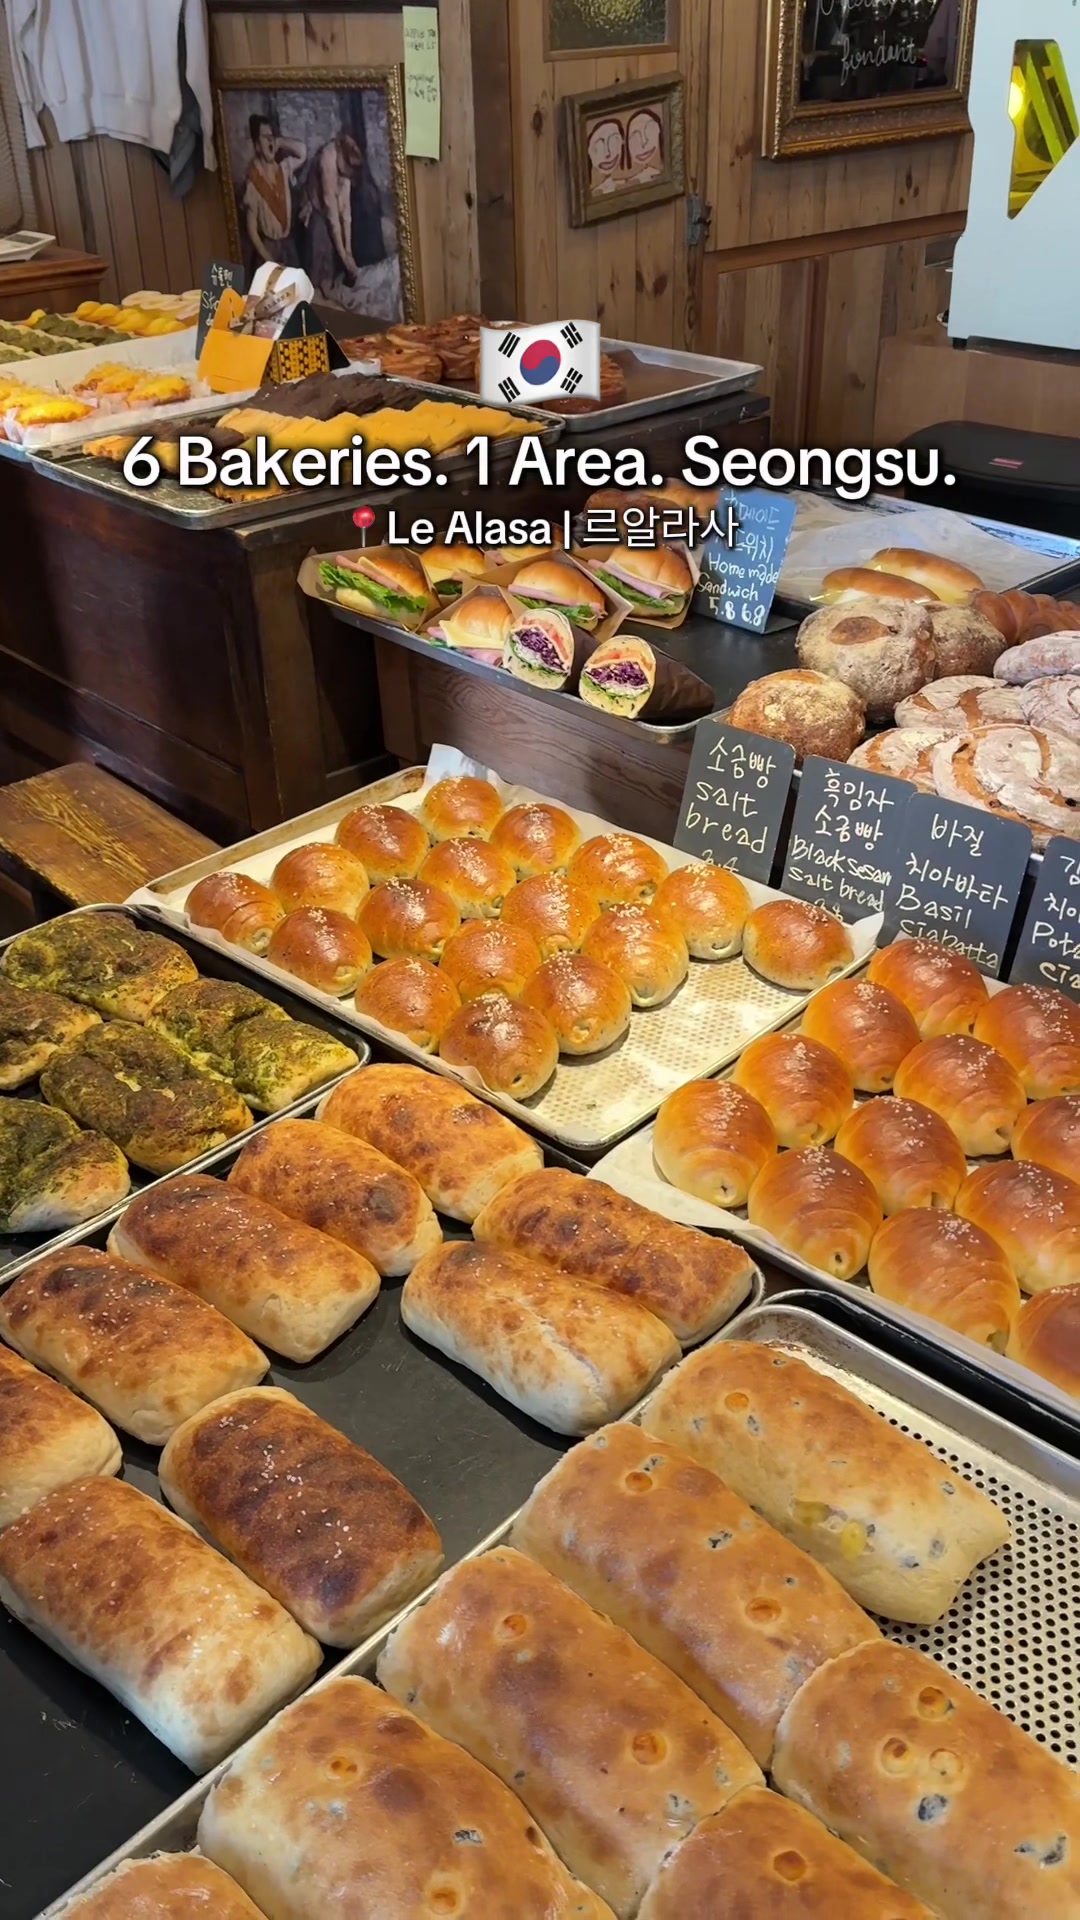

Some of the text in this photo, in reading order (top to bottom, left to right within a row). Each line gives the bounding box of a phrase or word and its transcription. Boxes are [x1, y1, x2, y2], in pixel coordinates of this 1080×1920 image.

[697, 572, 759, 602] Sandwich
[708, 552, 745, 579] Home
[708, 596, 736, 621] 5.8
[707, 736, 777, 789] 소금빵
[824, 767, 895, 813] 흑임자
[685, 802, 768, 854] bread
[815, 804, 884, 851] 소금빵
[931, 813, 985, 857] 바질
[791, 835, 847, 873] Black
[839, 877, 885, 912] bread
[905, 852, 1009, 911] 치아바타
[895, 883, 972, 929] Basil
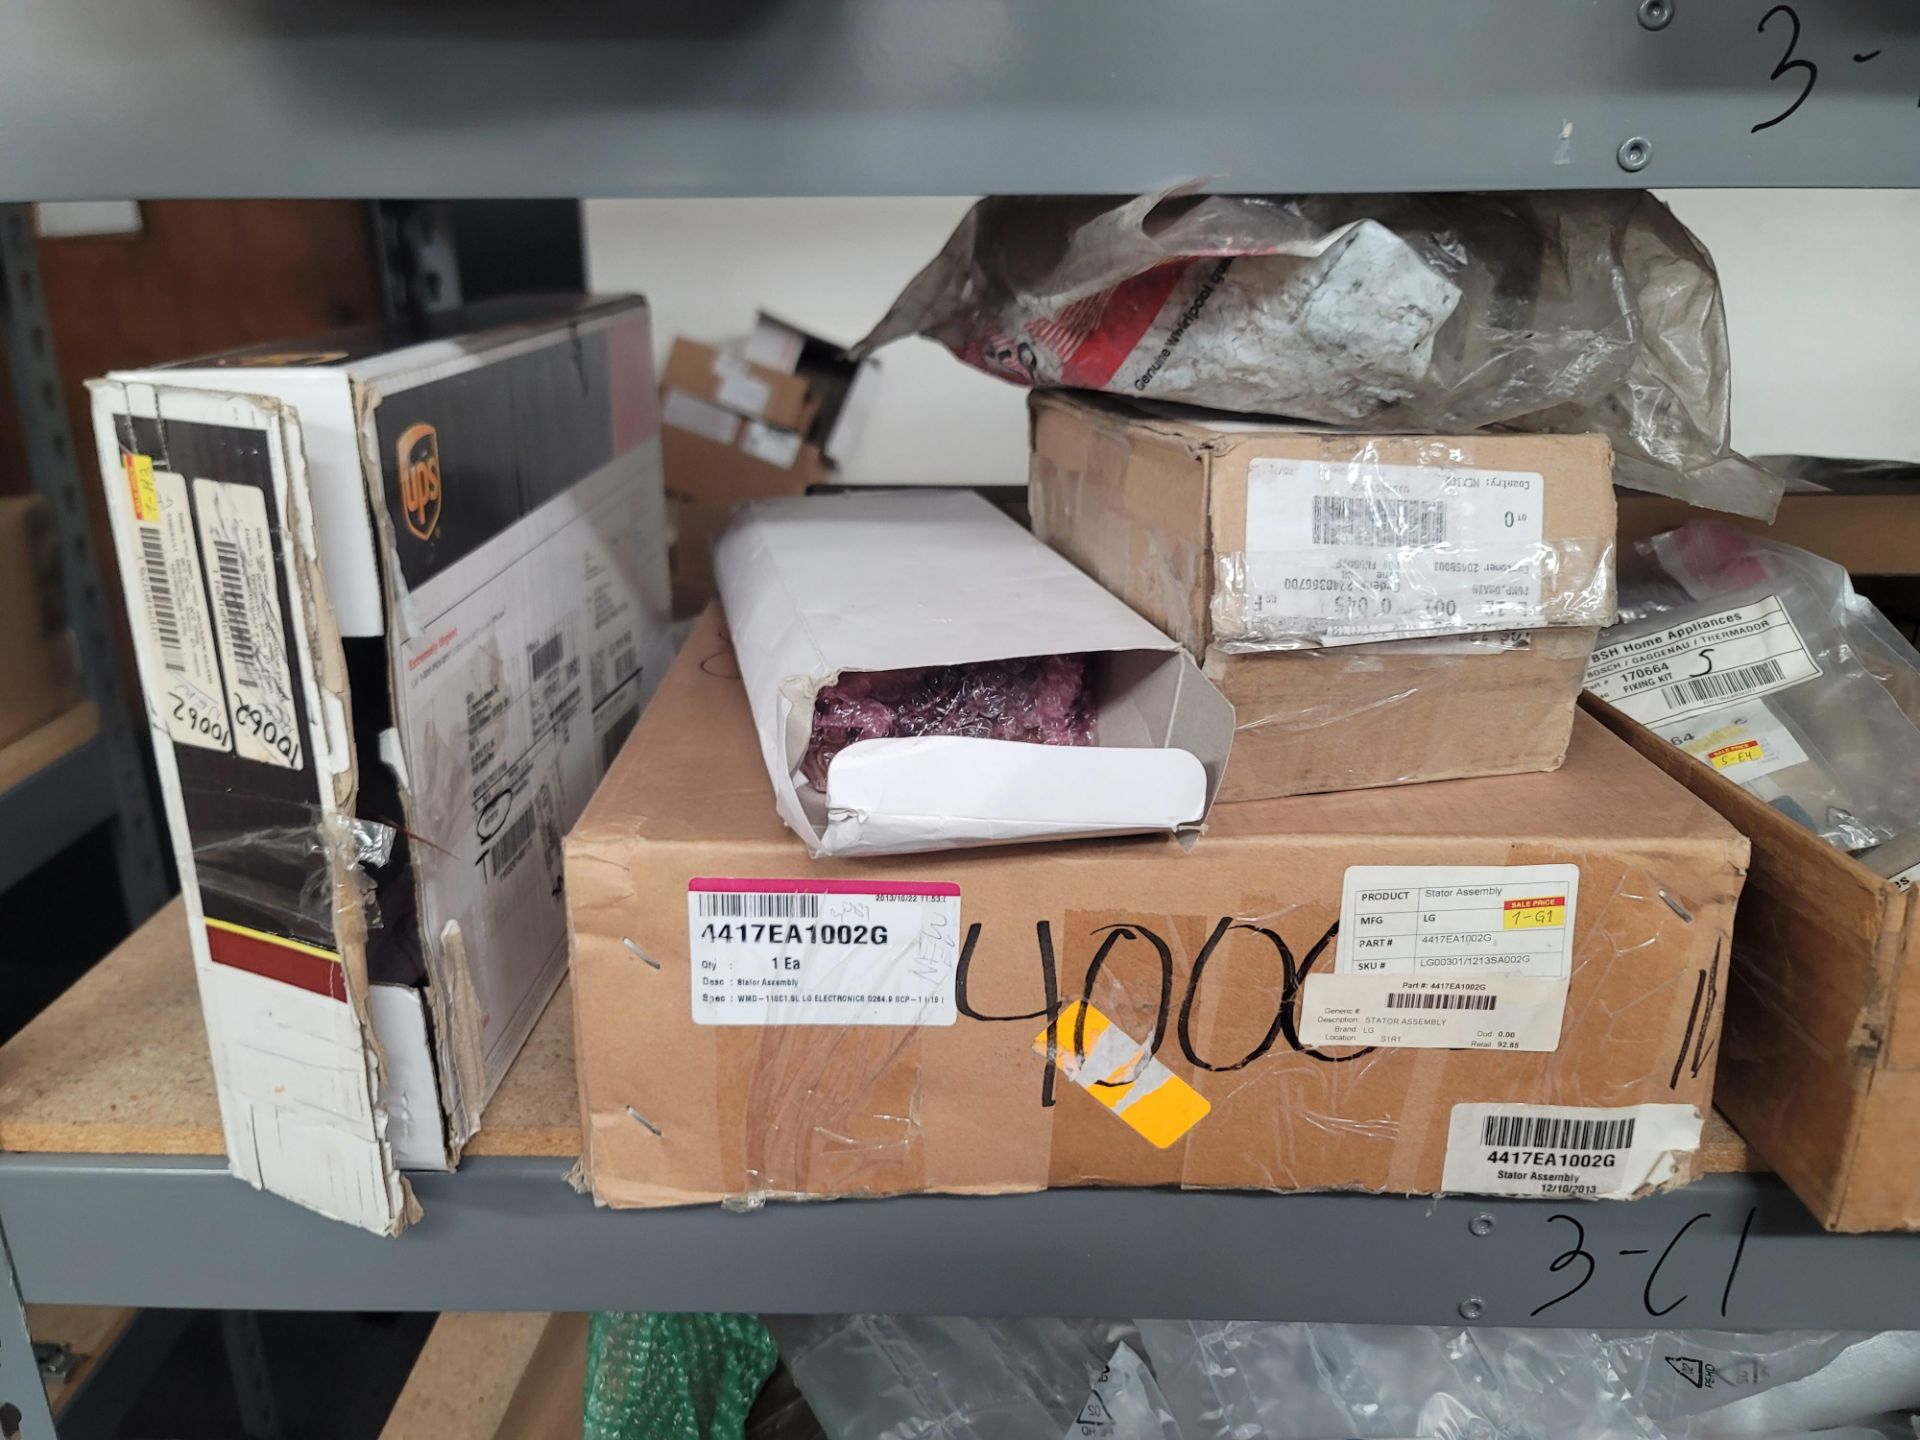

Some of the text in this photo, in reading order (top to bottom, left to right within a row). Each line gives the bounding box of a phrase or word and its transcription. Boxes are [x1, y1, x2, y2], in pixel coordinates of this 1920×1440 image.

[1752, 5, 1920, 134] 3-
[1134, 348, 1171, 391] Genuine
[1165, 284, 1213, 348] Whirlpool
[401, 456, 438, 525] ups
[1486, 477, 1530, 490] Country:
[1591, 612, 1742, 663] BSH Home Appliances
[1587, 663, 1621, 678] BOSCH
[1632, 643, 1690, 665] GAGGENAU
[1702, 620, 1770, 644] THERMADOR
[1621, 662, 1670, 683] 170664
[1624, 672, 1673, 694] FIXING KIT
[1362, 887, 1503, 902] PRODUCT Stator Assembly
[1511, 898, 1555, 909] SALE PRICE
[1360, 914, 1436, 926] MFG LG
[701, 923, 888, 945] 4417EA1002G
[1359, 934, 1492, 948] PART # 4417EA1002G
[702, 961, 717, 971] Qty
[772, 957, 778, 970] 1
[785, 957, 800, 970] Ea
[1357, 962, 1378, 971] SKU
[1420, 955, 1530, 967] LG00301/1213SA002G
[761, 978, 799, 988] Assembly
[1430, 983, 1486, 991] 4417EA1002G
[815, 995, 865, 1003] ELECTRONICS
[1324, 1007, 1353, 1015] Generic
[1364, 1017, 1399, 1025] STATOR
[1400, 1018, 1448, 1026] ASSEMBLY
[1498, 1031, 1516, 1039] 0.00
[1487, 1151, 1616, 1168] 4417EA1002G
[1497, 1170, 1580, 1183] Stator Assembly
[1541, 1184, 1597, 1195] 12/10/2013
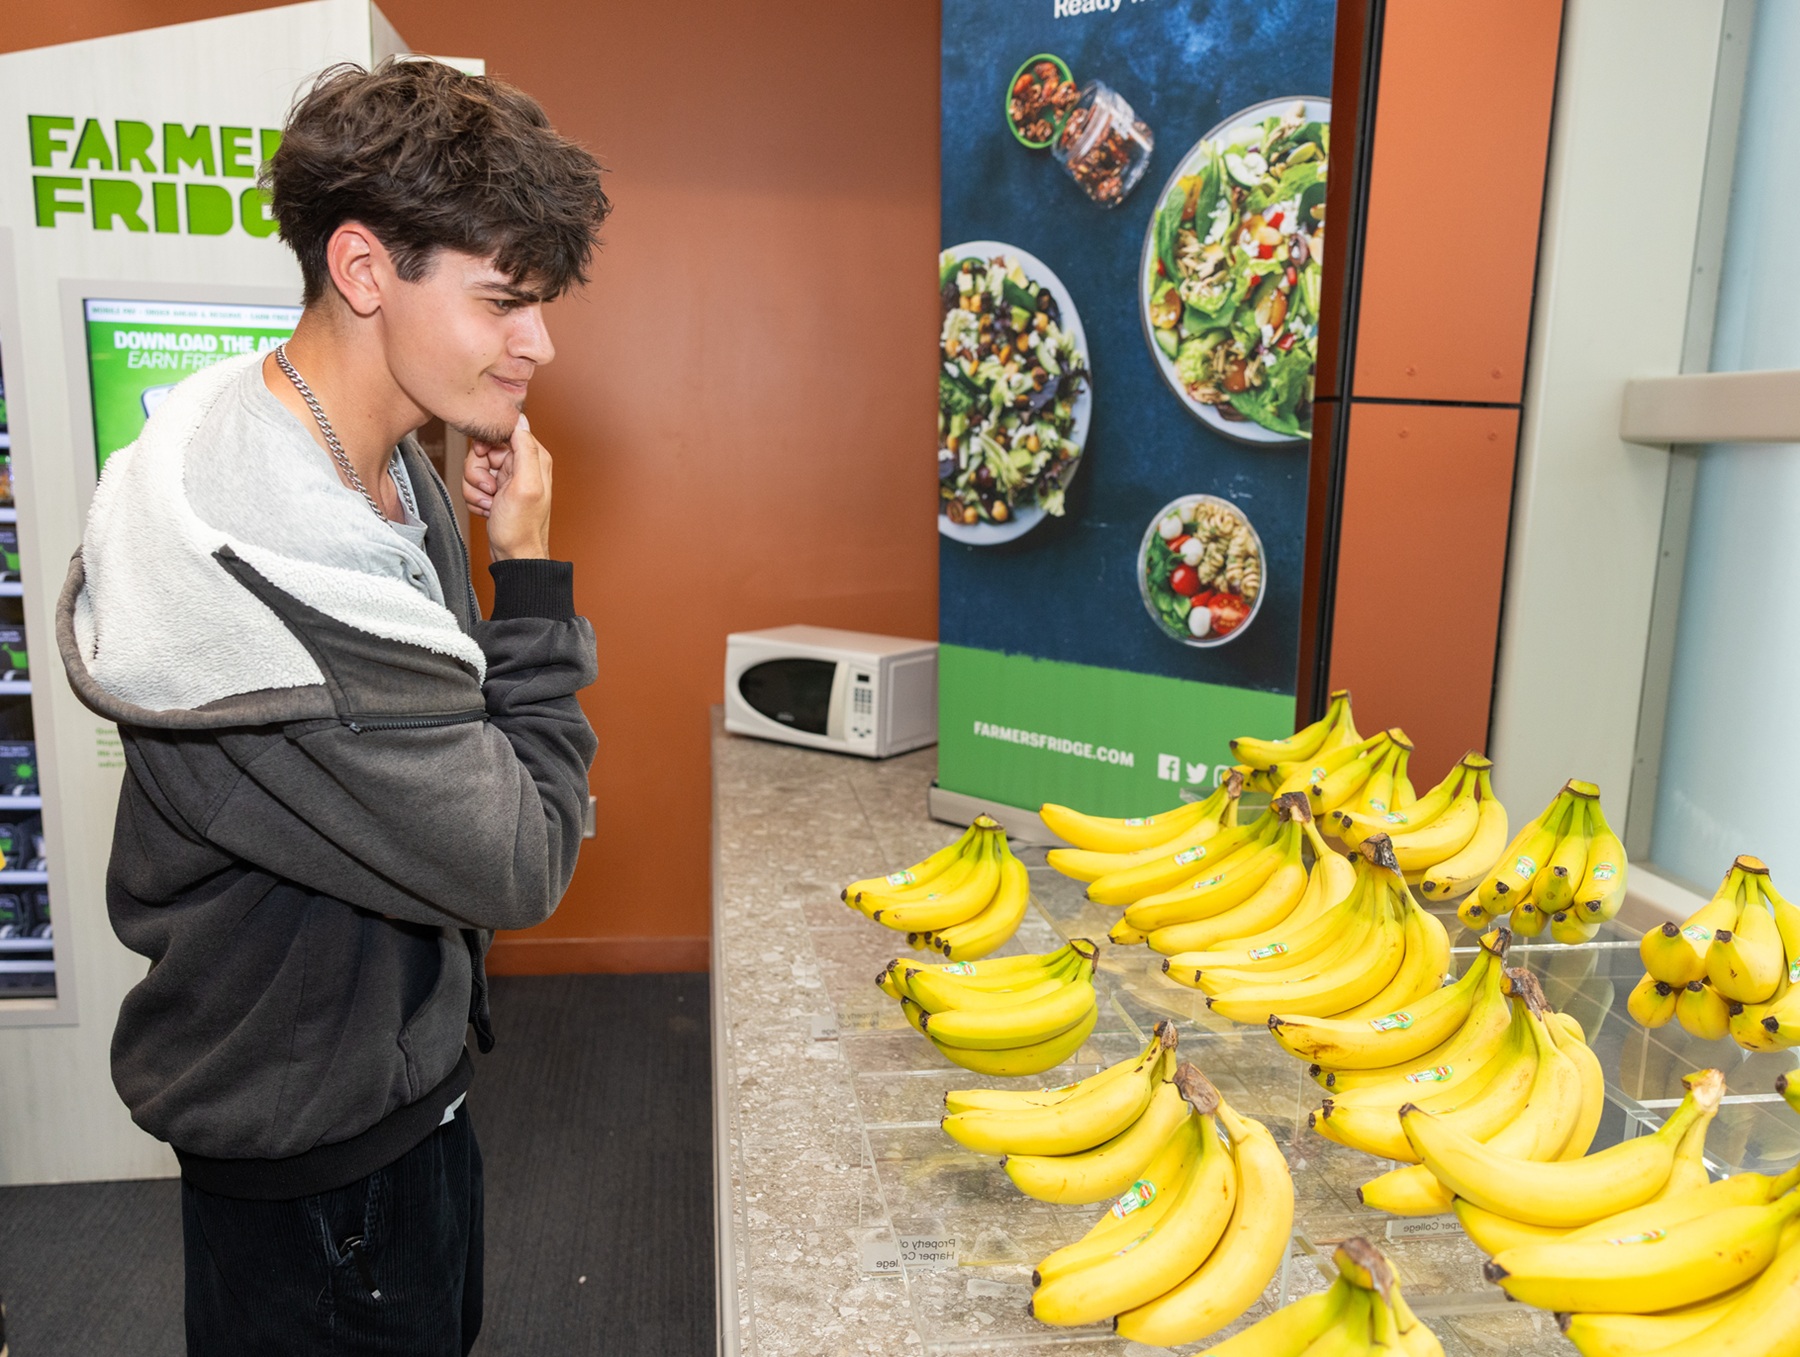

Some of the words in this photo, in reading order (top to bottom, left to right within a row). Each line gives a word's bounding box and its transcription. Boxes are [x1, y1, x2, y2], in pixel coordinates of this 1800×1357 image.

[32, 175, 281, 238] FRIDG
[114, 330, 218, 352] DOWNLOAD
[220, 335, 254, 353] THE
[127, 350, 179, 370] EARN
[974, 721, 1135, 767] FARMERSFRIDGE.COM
==*==
To do: Without the pictures, copy out each entry exactly as it stands.

Reply:
Some of the text in this photo, in reading order (top to bottom, left to right within a row). Each line gives the bounding box of a phrase or word and its transcription. Boxes are [x1, y1, x2, y2], in pixel coordinates of this 1080×1920 image.

[697, 572, 759, 602] Sandwich
[708, 552, 745, 579] Home
[708, 596, 736, 621] 5.8
[707, 736, 777, 789] 소금빵
[824, 767, 895, 813] 흑임자
[685, 802, 768, 854] bread
[815, 804, 884, 851] 소금빵
[931, 813, 985, 857] 바질
[791, 835, 847, 873] Black
[839, 877, 885, 912] bread
[905, 852, 1009, 911] 치아바타
[895, 883, 972, 929] Basil

Some of the text in this photo, in reading order (top to bottom, left to right within a row). Each line gives the bounding box of a phrase or word and its transcription. Boxes are [x1, y1, x2, y2], in pixel coordinates of this 1920×1440 image.

[1752, 5, 1920, 134] 3-
[1134, 348, 1171, 391] Genuine
[1165, 284, 1213, 348] Whirlpool
[401, 456, 438, 525] ups
[1486, 477, 1530, 490] Country:
[1591, 612, 1742, 663] BSH Home Appliances
[1587, 663, 1621, 678] BOSCH
[1632, 643, 1690, 665] GAGGENAU
[1702, 620, 1770, 644] THERMADOR
[1621, 662, 1670, 683] 170664
[1624, 672, 1673, 694] FIXING KIT
[1362, 887, 1503, 902] PRODUCT Stator Assembly
[1511, 898, 1555, 909] SALE PRICE
[1360, 914, 1436, 926] MFG LG
[701, 923, 888, 945] 4417EA1002G
[1359, 934, 1492, 948] PART # 4417EA1002G
[702, 961, 717, 971] Qty
[772, 957, 778, 970] 1
[785, 957, 800, 970] Ea
[1357, 962, 1378, 971] SKU
[1420, 955, 1530, 967] LG00301/1213SA002G
[761, 978, 799, 988] Assembly
[1430, 983, 1486, 991] 4417EA1002G
[815, 995, 865, 1003] ELECTRONICS
[1324, 1007, 1353, 1015] Generic
[1364, 1017, 1399, 1025] STATOR
[1400, 1018, 1448, 1026] ASSEMBLY
[1498, 1031, 1516, 1039] 0.00
[1487, 1151, 1616, 1168] 4417EA1002G
[1497, 1170, 1580, 1183] Stator Assembly
[1541, 1184, 1597, 1195] 12/10/2013

Some of the words in this photo, in reading order (top to bottom, left to right within a row). Each line gives a word's bounding box and its transcription. Boxes are [x1, y1, x2, y2], in pixel coordinates of this 1800×1357 image.

[32, 175, 281, 238] FRIDG
[114, 330, 218, 352] DOWNLOAD
[220, 335, 254, 353] THE
[127, 350, 179, 370] EARN
[974, 721, 1135, 767] FARMERSFRIDGE.COM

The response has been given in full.